This Just In is Jazz88’s weekly celebration of new releases. It hits the airwaves every Friday at noon and this week, we are diving into Kassa Overall’s latest mixtape, Shades 3. Kassa Overall is a drummer, producer and vocalist who refuses to water down any part of his skill set to fit into a single genre or a single job description. Although I’m certain it comes from years of trial and error, at this point, Overall can utilize his impressive array of skills to create new music from source material within his brain, his record collection, or his impressive rolodex of collaborators with a relaxed mastery that boggles my mind.

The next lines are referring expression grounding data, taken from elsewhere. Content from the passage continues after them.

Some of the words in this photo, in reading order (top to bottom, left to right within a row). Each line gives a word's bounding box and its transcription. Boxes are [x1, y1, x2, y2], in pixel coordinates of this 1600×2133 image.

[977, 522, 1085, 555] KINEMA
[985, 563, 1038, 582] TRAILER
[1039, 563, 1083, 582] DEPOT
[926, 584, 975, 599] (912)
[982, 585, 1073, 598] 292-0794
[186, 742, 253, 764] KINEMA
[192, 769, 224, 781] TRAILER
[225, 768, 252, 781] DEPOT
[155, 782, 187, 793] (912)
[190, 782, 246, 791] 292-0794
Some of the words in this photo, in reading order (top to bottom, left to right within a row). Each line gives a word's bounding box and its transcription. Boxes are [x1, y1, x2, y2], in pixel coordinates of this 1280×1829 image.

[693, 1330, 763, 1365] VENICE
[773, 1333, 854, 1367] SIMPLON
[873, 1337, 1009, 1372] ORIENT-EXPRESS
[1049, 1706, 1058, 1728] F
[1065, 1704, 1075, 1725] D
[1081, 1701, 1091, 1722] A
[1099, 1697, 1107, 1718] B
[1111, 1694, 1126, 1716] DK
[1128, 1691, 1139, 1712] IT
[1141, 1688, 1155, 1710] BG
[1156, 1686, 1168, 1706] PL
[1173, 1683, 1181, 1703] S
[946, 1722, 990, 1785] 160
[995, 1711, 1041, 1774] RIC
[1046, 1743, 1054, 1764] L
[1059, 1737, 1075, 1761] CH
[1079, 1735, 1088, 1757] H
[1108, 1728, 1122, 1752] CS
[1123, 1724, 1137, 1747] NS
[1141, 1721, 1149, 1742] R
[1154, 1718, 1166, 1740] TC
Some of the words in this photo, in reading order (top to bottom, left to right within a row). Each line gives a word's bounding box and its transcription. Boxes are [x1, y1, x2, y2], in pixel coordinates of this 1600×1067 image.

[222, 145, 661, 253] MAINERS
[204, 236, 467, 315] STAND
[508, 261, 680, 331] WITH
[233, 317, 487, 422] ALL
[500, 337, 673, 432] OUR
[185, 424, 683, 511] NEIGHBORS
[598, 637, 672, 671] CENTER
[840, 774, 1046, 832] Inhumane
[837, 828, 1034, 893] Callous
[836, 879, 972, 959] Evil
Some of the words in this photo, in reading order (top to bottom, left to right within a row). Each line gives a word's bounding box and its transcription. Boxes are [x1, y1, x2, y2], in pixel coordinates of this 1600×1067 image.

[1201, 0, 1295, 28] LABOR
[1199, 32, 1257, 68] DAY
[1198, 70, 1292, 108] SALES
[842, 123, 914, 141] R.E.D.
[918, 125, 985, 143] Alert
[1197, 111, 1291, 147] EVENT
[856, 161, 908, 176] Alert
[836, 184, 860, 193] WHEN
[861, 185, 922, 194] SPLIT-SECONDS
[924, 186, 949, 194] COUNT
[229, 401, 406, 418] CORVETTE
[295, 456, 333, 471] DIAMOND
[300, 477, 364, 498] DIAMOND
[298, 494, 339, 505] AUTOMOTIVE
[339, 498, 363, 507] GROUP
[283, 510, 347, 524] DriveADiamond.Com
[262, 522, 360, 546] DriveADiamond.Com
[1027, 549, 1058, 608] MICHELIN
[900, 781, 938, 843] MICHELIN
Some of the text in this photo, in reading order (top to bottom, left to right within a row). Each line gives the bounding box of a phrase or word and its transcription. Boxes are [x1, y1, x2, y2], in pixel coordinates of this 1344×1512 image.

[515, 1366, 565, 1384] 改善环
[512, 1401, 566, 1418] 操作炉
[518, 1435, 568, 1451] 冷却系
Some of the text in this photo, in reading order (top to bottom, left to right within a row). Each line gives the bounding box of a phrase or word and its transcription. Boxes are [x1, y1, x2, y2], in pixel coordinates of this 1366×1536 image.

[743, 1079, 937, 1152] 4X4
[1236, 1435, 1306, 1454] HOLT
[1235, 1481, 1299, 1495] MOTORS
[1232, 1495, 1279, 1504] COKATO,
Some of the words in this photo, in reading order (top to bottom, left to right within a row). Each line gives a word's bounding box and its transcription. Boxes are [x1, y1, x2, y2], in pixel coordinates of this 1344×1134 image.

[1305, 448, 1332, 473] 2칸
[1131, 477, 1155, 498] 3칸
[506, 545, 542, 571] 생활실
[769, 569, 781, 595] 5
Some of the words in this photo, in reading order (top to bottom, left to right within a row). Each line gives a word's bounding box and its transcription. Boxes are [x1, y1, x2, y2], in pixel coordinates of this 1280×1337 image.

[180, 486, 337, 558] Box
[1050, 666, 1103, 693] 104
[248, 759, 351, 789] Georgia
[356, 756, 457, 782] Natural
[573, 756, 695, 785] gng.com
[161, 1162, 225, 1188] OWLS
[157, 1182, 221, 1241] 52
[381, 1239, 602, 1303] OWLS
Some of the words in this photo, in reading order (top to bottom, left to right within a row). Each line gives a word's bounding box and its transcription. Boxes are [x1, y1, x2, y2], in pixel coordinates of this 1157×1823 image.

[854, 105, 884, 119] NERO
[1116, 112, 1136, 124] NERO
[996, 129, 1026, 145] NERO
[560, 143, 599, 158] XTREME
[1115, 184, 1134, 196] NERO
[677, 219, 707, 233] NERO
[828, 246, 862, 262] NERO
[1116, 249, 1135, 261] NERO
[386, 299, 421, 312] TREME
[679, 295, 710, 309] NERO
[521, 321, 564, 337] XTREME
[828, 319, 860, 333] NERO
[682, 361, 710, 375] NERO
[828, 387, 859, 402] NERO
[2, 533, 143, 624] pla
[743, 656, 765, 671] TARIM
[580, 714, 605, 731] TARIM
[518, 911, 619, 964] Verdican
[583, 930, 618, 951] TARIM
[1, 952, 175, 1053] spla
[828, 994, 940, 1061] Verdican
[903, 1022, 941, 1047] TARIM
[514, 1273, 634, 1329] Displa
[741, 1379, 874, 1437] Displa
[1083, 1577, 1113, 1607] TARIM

One of the avenues for Kassa Overall’s art has been a series of mixtapes where he supplements and reimagines pre-existing songs with new rhythmic textures, additional vocals, and interesting snippets from other media sources. That is a very fancy-jazz-turtleneck way of saying that the man made a mixtape. It’s just that most Grammy-nominated jazz drummers don’t make mixtapes. But Kassa does, and we’re better off for it. Mixtapes are good for any musical scene.
At the different summits of the mixtape prominence in hip-hop culture, they’ve served as a side conversation with your favorite artists, your favorite songs, and your favorite pieces of conversation from movies, TV shows, and the like. If you loved a 50 Cent, Lil’ Wayne, or any other mixtape-era superstar, you were, at best, getting 50% of their vibe if you only grabbed the major label releases. The best mixtapes brought you closer to the superstars while introducing you to the up-and-comers. It was a vehicle to marry music discovery with familiarity that was a godsend for expanding the influence of hip-hop culture.
On Shades 3, I’m finding the same thing. Do I know the original “Mysterious Vibes” by The Blackbyrds? Yes I do. Have I pulled it up to listen in the last couple of years? No. Do I want to hear it rebuilt with the modern master Theo Croker floating on top and then go revisit the original? Absolutely.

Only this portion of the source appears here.